FREE PUBLIC EVENT: CSCA’s Toronto & Montréal chapters present an online lecture by Denis O. Lamoureux (Professor of Science & Religion at St. Joseph’s College, University of Alberta), followed by Q&A.
Denis O. Lamoureux
"The Bible and Ancient Science: Principles of Interpretation"
Thursday | 7:30 pm EST | Zoom | Registration required (free)
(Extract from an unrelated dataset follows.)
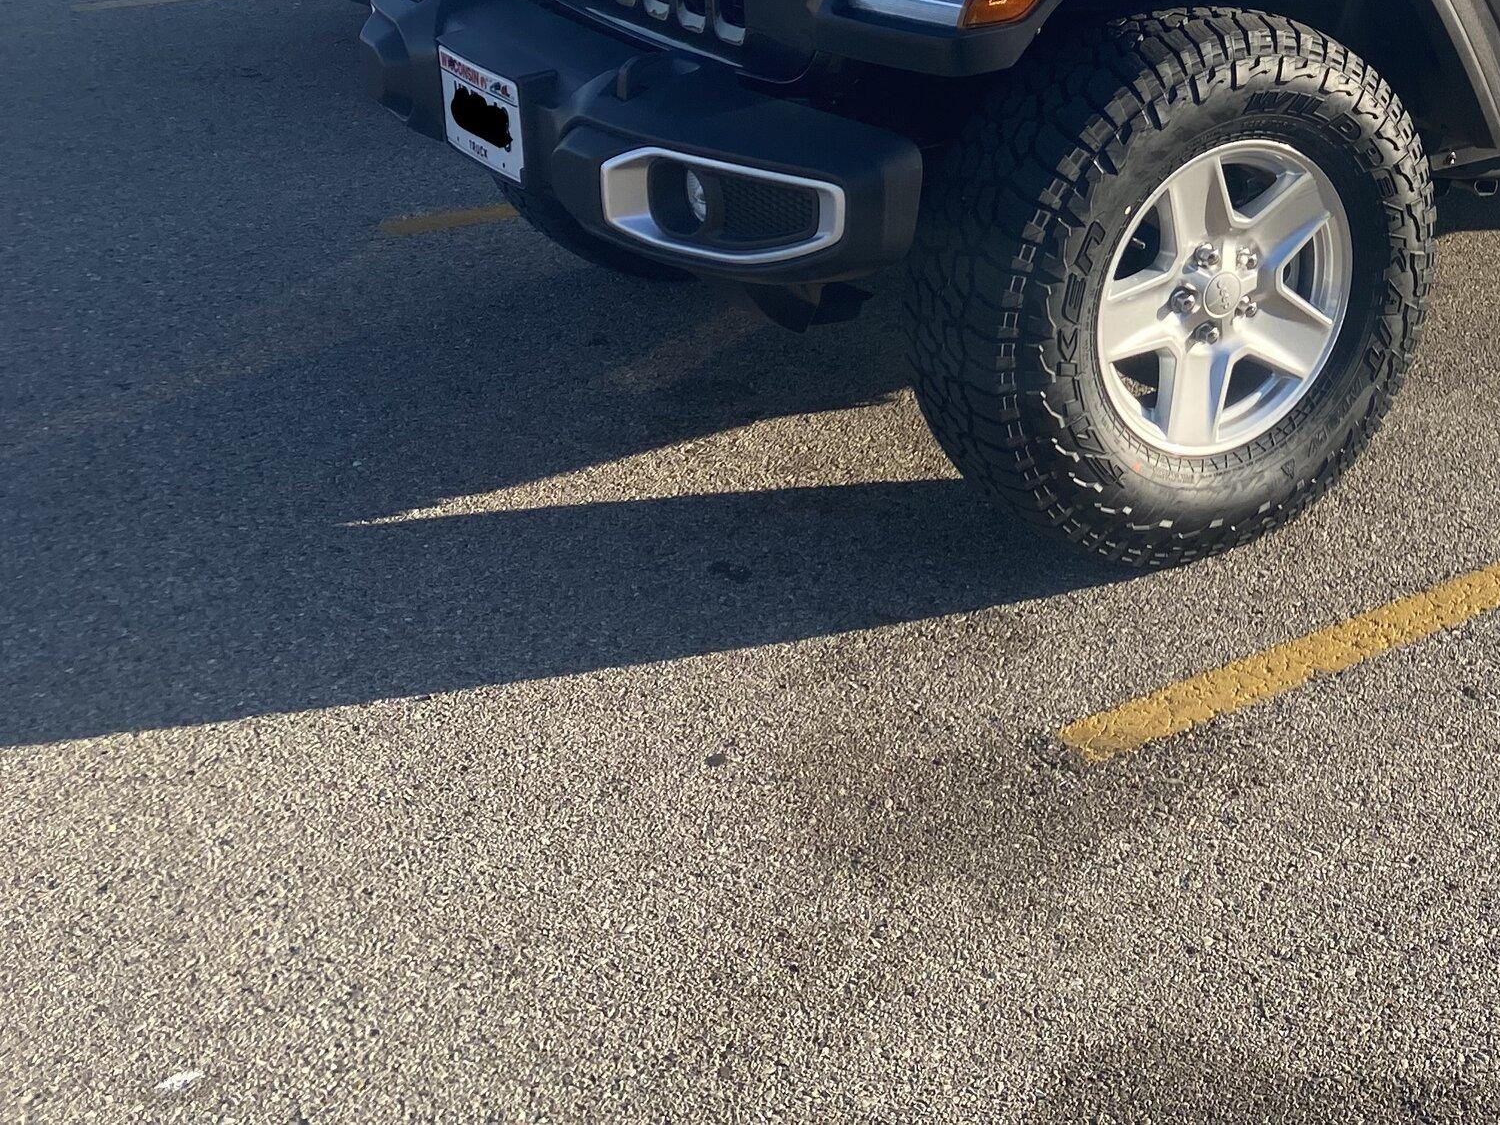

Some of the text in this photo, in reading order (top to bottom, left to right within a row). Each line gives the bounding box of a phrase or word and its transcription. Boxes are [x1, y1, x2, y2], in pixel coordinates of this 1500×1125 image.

[468, 139, 488, 158] TRUCK
[1242, 88, 1407, 273] WILDPEAK
[1056, 219, 1125, 490] FALKEN
The Bible and Ancient Science: Principles of Interpretation
Theologian-scientist Denis Lamoureux suggests a common assumption of biblical interpretation fuels the misperception that science and religion are in conflict. Many Christians think that Scripture is supposed to align with science in some manner, but Lamoureux demonstrates that the Bible reflects ‘ancient science’ that disproves the idea — and the necessity — of ‘scientific concordism.’ During the Holy Spirit’s inspiration of Scripture, Lamoureux argues, the Spirit came down to the level of the biblical writers and allowed them to use the ‘science-of-the-day’ as a perfect vessel for delivering life-changing, inerrant spiritual truths. In Dr. Lamoureux’s newest book, The Bible & Ancient Science: Principles of Interpretation, he explains how moving beyond concordism leads to a peaceful and God-honoring relationship between modern science and our Christian faith.
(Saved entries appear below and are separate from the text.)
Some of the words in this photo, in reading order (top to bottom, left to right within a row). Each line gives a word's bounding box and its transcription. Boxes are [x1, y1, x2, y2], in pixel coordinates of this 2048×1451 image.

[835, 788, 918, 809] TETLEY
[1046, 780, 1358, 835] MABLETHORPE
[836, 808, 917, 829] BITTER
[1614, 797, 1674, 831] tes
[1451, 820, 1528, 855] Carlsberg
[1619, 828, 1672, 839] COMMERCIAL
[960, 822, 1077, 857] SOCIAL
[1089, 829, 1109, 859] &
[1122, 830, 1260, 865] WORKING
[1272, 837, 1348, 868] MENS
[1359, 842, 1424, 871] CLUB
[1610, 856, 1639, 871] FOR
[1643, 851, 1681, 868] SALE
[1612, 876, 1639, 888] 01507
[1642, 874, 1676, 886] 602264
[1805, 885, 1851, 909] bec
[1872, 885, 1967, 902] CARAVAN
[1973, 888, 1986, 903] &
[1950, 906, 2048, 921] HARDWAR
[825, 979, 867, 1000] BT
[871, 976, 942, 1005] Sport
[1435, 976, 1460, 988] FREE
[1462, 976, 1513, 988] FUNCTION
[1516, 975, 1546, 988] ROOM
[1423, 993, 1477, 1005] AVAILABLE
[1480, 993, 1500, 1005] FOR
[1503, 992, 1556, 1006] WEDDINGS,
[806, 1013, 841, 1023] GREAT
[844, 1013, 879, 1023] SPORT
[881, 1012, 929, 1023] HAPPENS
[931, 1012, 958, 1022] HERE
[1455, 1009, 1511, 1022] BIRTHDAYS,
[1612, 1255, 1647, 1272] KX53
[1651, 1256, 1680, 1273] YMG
Dr. Denis O. Lamoureux is Professor of Science & Religion at St. Joseph’s College, University of Alberta. Lamoureux’s appointment is the first tenure-track position in Canada dedicated to teaching and research on the relationship between scientific discovery and Christian faith. His academic specialty — undergirded by three doctoral degrees in dentistry, theology, and biology — focuses on the modern origins controversy. Lamoureux embraces the time-honoured belief that there are two major sources of Divine revelation—the Book of God’s Words and the Book of God’s Works. The Bible and the physical world complement each other. Science reveals how the Creator made this spectacular design-reflecting world, while Holy Scripture declares precisely who created it. Together, the Two Divine Books complement each other; alone they are incomplete. Lamoureux is a Fellow of the American Scientific Affiliation (ASA) and cited in the Who’s Who of Theology and Science. He is also a member of the Evangelical Theology Society. Lamoureux lectures throughout Canada and the U.S. in both Christian and public academic institutions. In 2001 and 2006, he received teaching awards from the University of Alberta Students’ Union. Lamoureux’s award-winning introductory course on the relationship between science and religion, CHRTC 350: Science and Religion, is available online.